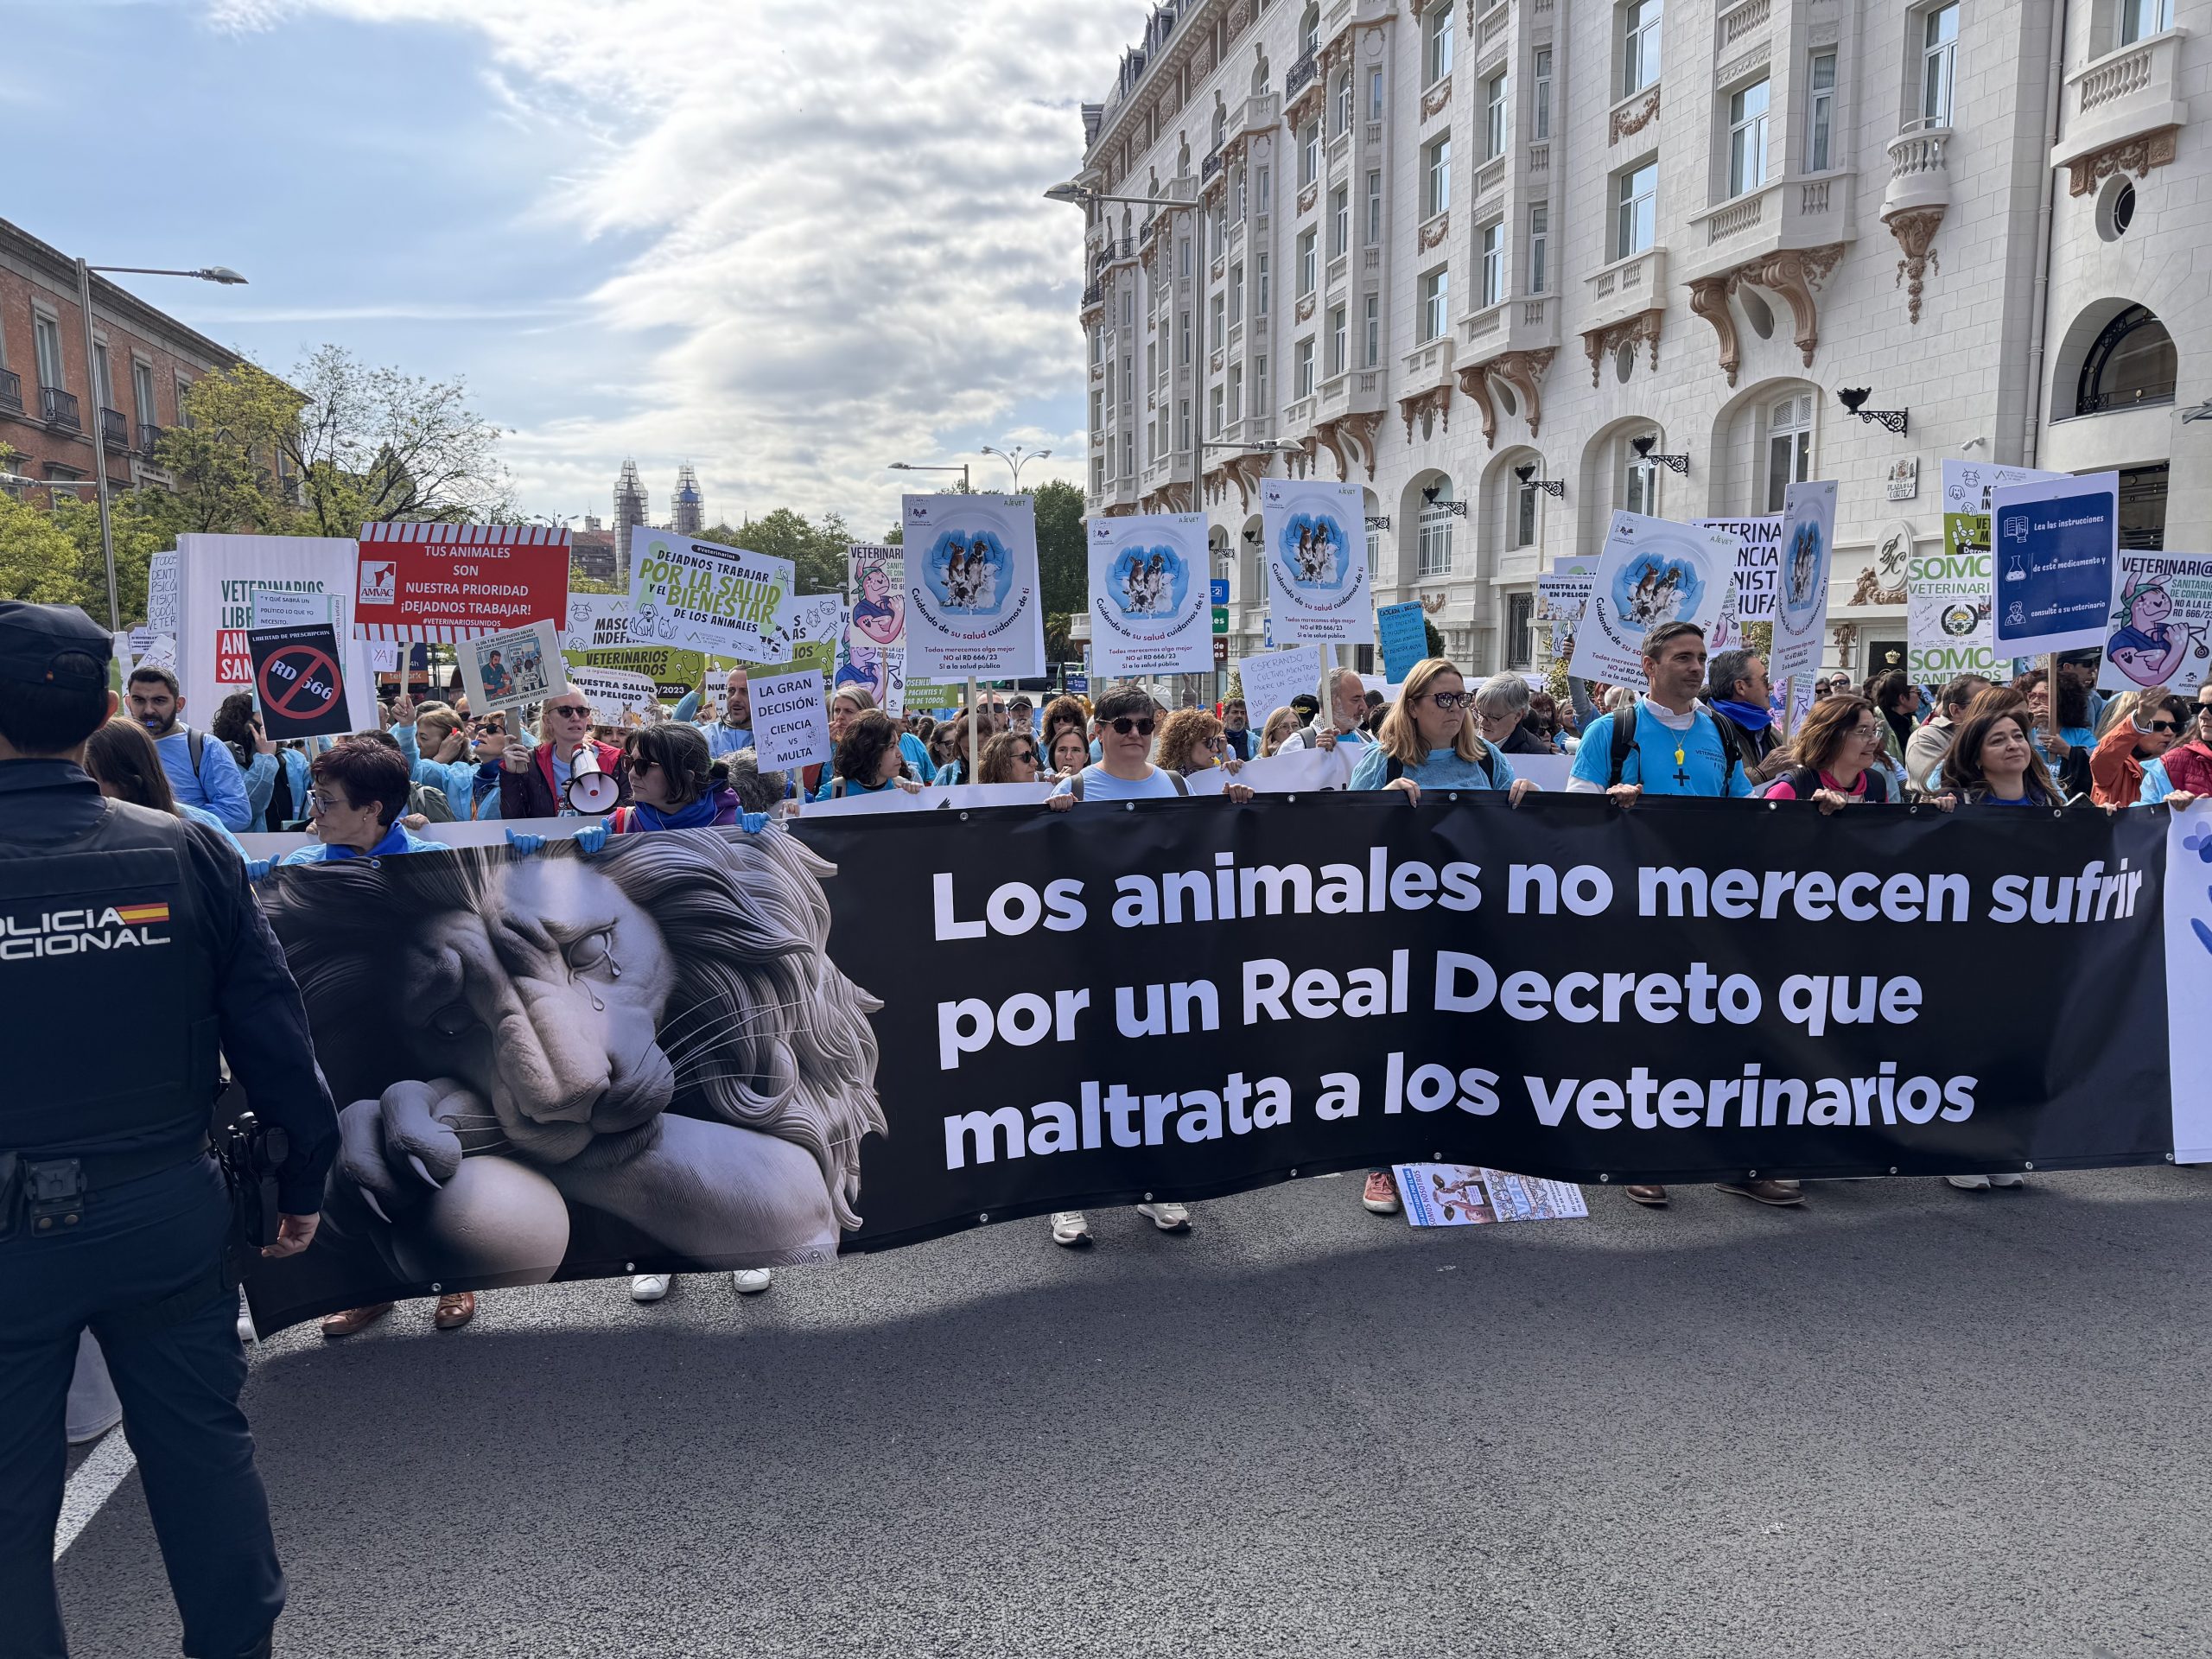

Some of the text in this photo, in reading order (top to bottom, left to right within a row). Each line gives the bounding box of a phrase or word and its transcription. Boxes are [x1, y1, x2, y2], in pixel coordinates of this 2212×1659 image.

[2034, 523, 2045, 531] Lea
[2058, 515, 2104, 528] instrucciones
[425, 546, 511, 559] TUS ANIMALES
[453, 565, 479, 577] SON
[658, 550, 769, 583] DEJADNOS TRABAJAR
[2033, 556, 2101, 573] de este medicamento
[2122, 557, 2212, 578] VETERINARI@
[405, 582, 529, 597] NUESTRA PRIORIDAD
[639, 558, 780, 605] POR LA SALUD
[1272, 563, 1294, 599] Cuidando
[1294, 596, 1303, 606] de
[1313, 602, 1332, 611] salud
[1333, 584, 1358, 608] cuidamos
[361, 588, 394, 597] AMVAC
[2171, 589, 2180, 598] DE
[401, 601, 531, 617] ¡DEJADNOS TRABAJAR!
[649, 583, 774, 624] Y EL BIENESTAR
[2031, 607, 2057, 617] consulte
[2071, 601, 2106, 612] veterinario
[673, 608, 758, 632] DE LOS ANIMALES
[912, 588, 938, 626] Cuidando
[938, 624, 950, 634] de
[963, 630, 986, 639] salud
[988, 608, 1021, 637] cuidamos
[1020, 595, 1027, 607] de
[1096, 598, 1120, 631] Cuidando
[1122, 628, 1131, 637] de
[1143, 632, 1165, 641] salud
[1167, 611, 1198, 638] cuidamos
[1196, 600, 1204, 610] de
[1596, 597, 1612, 636] Cuidando
[1611, 636, 1621, 645] de
[2173, 608, 2183, 617] RD
[423, 618, 501, 627] #VETERINARIOSUNIDOS
[586, 651, 669, 666] VETERINARIOS
[1251, 654, 1303, 672] ESPERANDO
[270, 660, 297, 681] RD
[1287, 664, 1319, 675] MIENTRAS
[572, 678, 620, 689] NUESTRA
[622, 683, 655, 693] SALUD
[760, 678, 811, 697] LA GRAN
[600, 690, 642, 701] PELIGRO
[759, 696, 818, 717] DECISIÓN:
[771, 719, 812, 735] CIENCIA
[778, 747, 812, 762] MULTA
[932, 846, 2142, 941] Los animales no merecen sufrir
[938, 949, 1923, 1071] por un Real Decreto que
[944, 1052, 1979, 1171] maltrata a los veterinarios
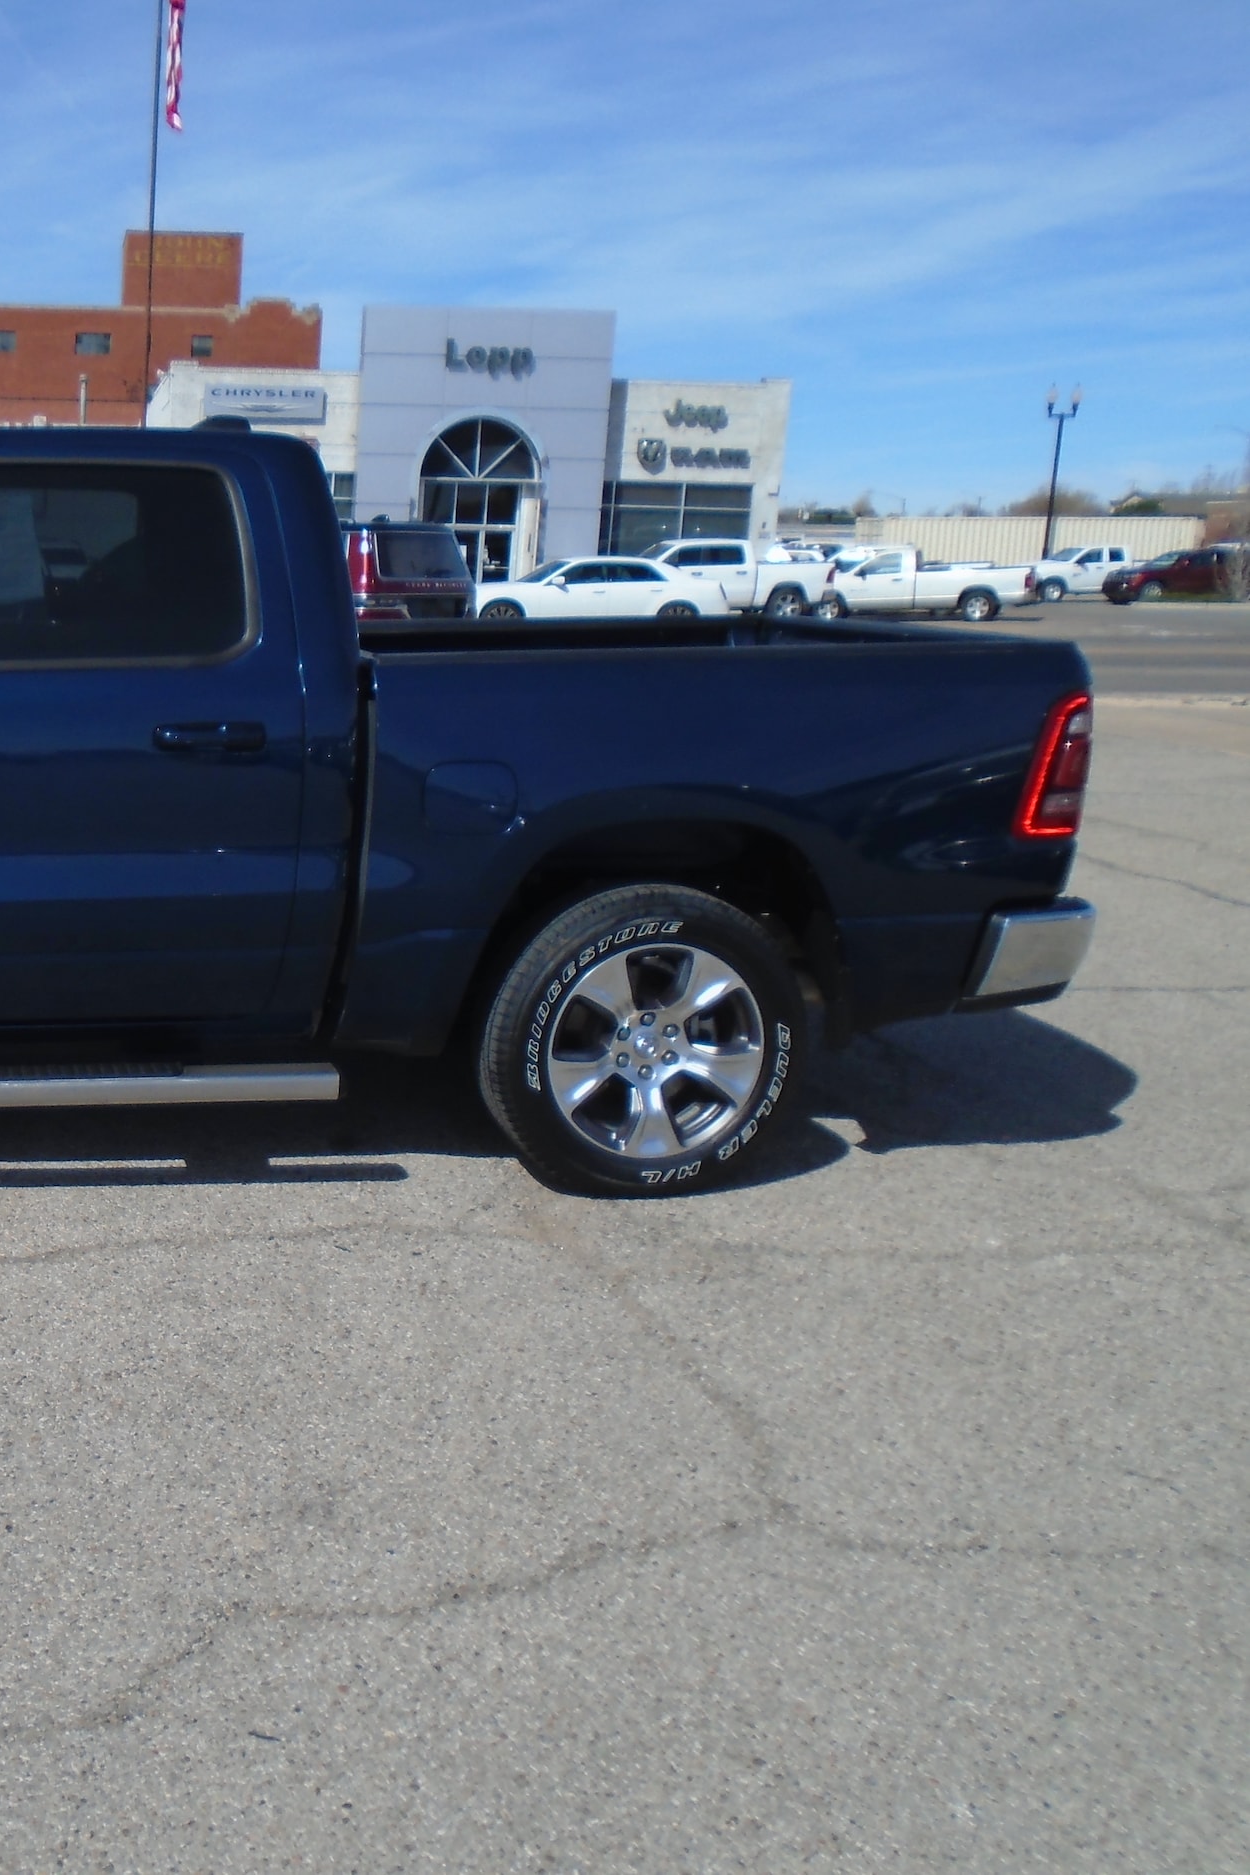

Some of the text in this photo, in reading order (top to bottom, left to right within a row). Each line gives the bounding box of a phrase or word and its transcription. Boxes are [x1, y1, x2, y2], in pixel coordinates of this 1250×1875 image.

[446, 337, 535, 381] Lopp
[210, 387, 317, 399] CHRYSLER
[664, 399, 728, 433] Jeep
[671, 446, 750, 469] RAM
[525, 920, 684, 1092] BRIDGESTONE
[641, 1022, 791, 1184] DUELER H/L
# # # # # # #
**Task to carry out**
The answer must be the line containing "this 1250×1875 image." and every line after it to the end of the data, exactly as written.

**Written reply**
Some of the text in this photo, in reading order (top to bottom, left to right within a row). Each line gives the bounding box of a phrase or word and its transcription. Boxes are [x1, y1, x2, y2], in pixel coordinates of this 1250×1875 image.

[446, 337, 535, 381] Lopp
[210, 387, 317, 399] CHRYSLER
[664, 399, 728, 433] Jeep
[671, 446, 750, 469] RAM
[525, 920, 684, 1092] BRIDGESTONE
[641, 1022, 791, 1184] DUELER H/L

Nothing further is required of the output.